> _EXERCISE BRIEF_
Please transcribe the data exactly as shown, skipping the images.

(Referring expression grounding data)
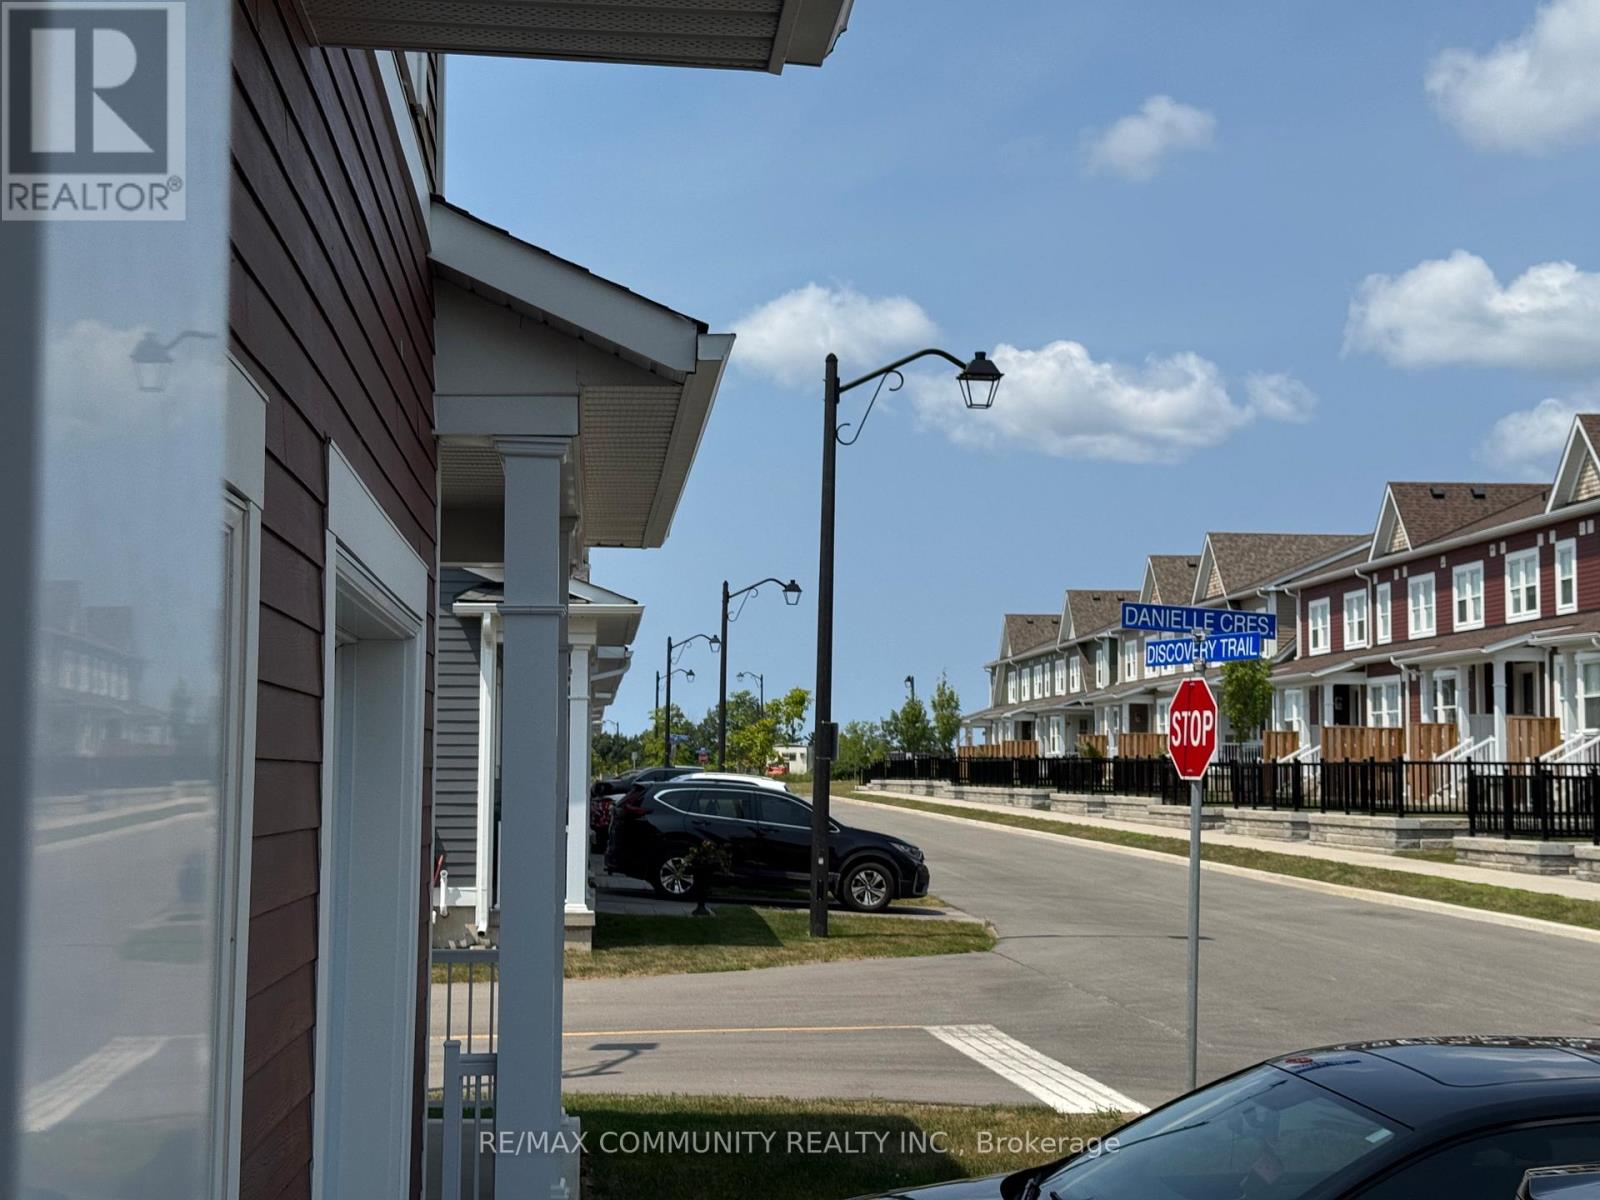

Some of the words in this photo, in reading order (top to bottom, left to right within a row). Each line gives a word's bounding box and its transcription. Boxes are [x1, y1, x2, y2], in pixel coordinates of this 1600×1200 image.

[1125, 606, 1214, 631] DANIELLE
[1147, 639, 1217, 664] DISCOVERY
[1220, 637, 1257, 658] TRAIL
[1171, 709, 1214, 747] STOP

> _RESULT_
Some of the words in this photo, in reading order (top to bottom, left to right within a row). Each line gives a word's bounding box and its transcription. Boxes are [x1, y1, x2, y2], in pixel coordinates of this 1600×1200 image.

[1125, 606, 1214, 631] DANIELLE
[1147, 639, 1217, 664] DISCOVERY
[1220, 637, 1257, 658] TRAIL
[1171, 709, 1214, 747] STOP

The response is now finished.